Authors Lesac Brizić A , Mozetič V 

Received 17 September 2021

Accepted for publication 11 November 2021

Published 14 December 2021 Volume 2021:14 Pages 9689—9696

DOI https://doi.org/10.2147/IJGM.S338499

Checked for plagiarism Yes

Review by Single anonymous peer review

Peer reviewer comments 3

Editor who approved publication: Dr Scott Fraser



Ana Lesac Brizić, Vladimir Mozetič

Community Health Center of Primorje - Gorski Kotar County, Rijeka, Croatia

Correspondence: Ana Lesac Brizić Tel +385 51 666 000
Fax +385 51 337 405
Email [email protected]

Purpose: Lower urinary tract symptoms (LUTS) can have an etiology outside the lower urinary tract (LUT) and are therefore an important diagnostic indicator for assessing the overall health of a person. However, LUTS is still mainly neglected by primary health care providers as well as by patients. In this study, we assessed the importance of an educational interview (EI) conducted by a GP on the patients’ ability to recognize LUTS. We also investigated other factors that affect the recognition of LUTS: subjects’ personal educational level, number of LUT symptoms and their bothersome level on a scale 0– 10.
Patients and Methods: This cross-sectional study was conducted in Croatia (2018– 2020) by interviewing 499 subjects. We compared recognized LUT symptoms before and after the EI and determined whether their number, their bothersome level, or the subjects’ personal educational level were associated with LUTS recognition.
Results: EI significantly improved the ability to recognize LUTS (p=0.001). The number of LUT symptoms and bothersome level in subjects before EI was much greater than the number in subjects after EI (p< 0.0001, mean> 4 and p< 0.0001, median> 8, respectively). Subjects with higher educational level recognized LUTS with fewer symptoms after the EI (p< 0.01), but no difference was observed among subjects who recognized LUTS before the EI.
Conclusion: For subjects to recognize LUTS, their condition had to be severe – more than 4 symptoms and bothersome level > 8/10. Personal educational level had little impact on LUTS recognition. However, an EI proved to be an excellent tool for raising awareness about LUTS and its early recognition.

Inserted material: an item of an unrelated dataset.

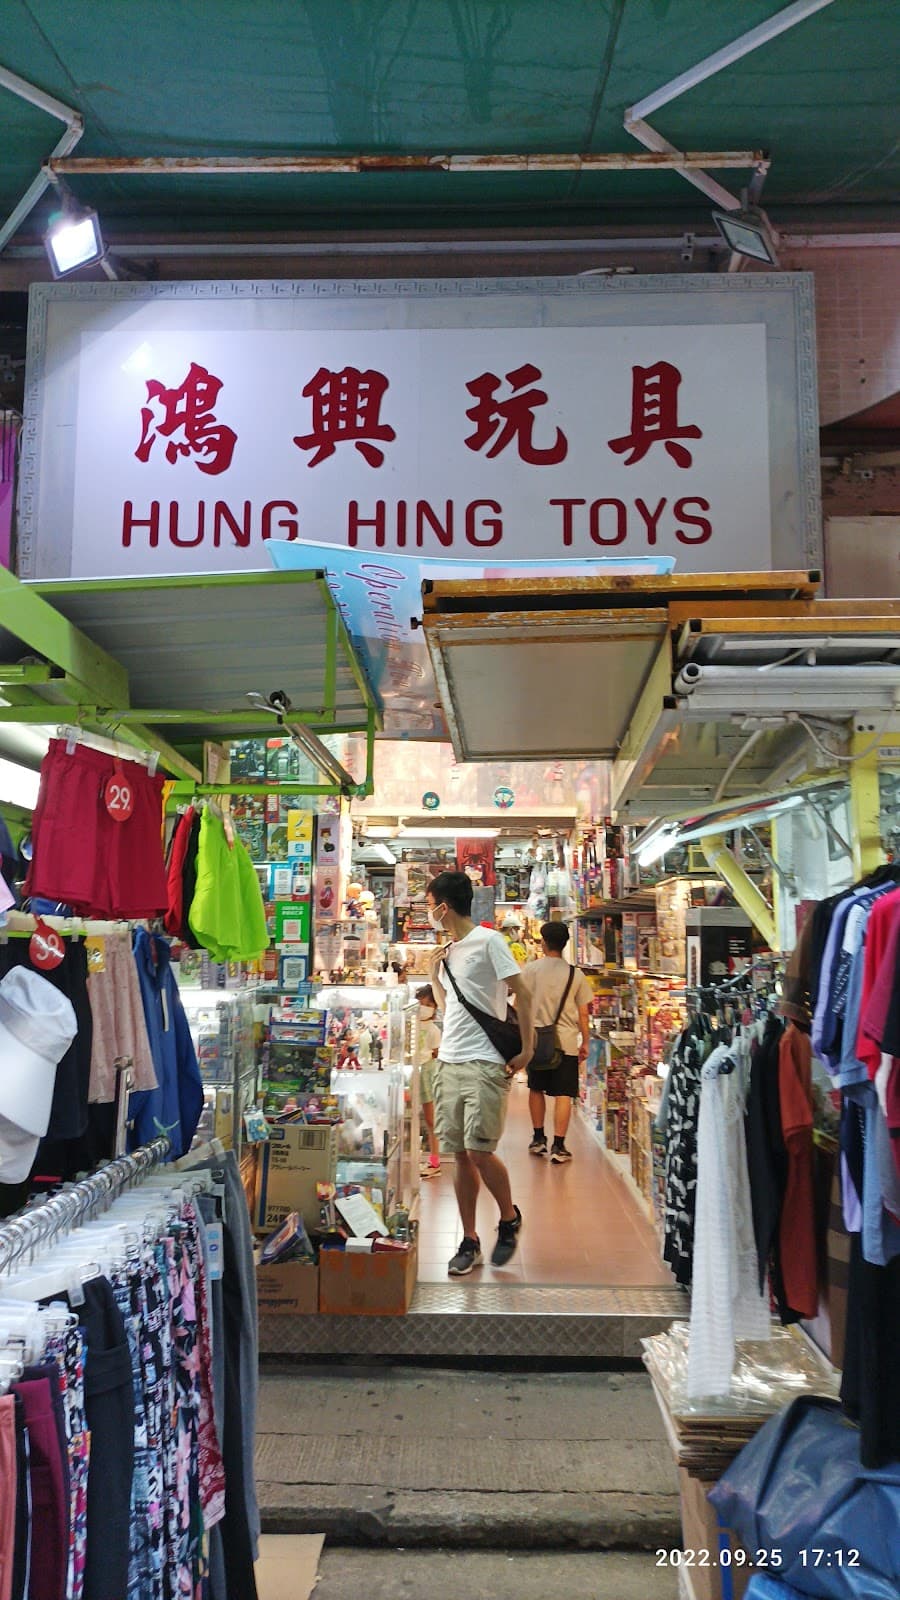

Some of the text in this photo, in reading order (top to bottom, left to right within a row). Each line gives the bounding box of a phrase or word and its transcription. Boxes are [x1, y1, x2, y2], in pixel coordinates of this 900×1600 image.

[135, 361, 702, 475] 鴻興玩具
[122, 497, 712, 547] HUNG HING TOYS
[110, 785, 130, 810] 29

Keywords: doctor–patient relationship, health promotion, lower urinary tract symptoms, patient education, primary care, quality of care

Introduction

The term Lower Urinary Tract Symptoms (LUTS) is used for a variety of symptoms associated with lower urinary tract (LUT) dysfunction. In this study, the acronym “LUTS” was used to refer to the condition itself, regardless of the number or nature of symptoms, and the term “LUT symptoms” was used to refer to certain characteristics of one or more symptoms. LUTS can generally be divided into three main categories, depending on the time of onset during the micturition process.1 The first group of LUT symptoms are storage symptoms. They manifest while a person stores urine in the bladder and does not try or does not want to urinate (frequency, nocturia, urgency, urinary incontinence, nocturnal enuresis and altered bladder sensation). Voiding symptoms appear while a person is urinating or trying to urinate (weak or slow stream, splitting or spraying of the stream, intermittency, hesitancy, straining, terminal dribble). The third group of symptoms, post micturition symptoms (feeling of incomplete emptying and post micturition dribble) are experienced immediately after the person has finished urinating.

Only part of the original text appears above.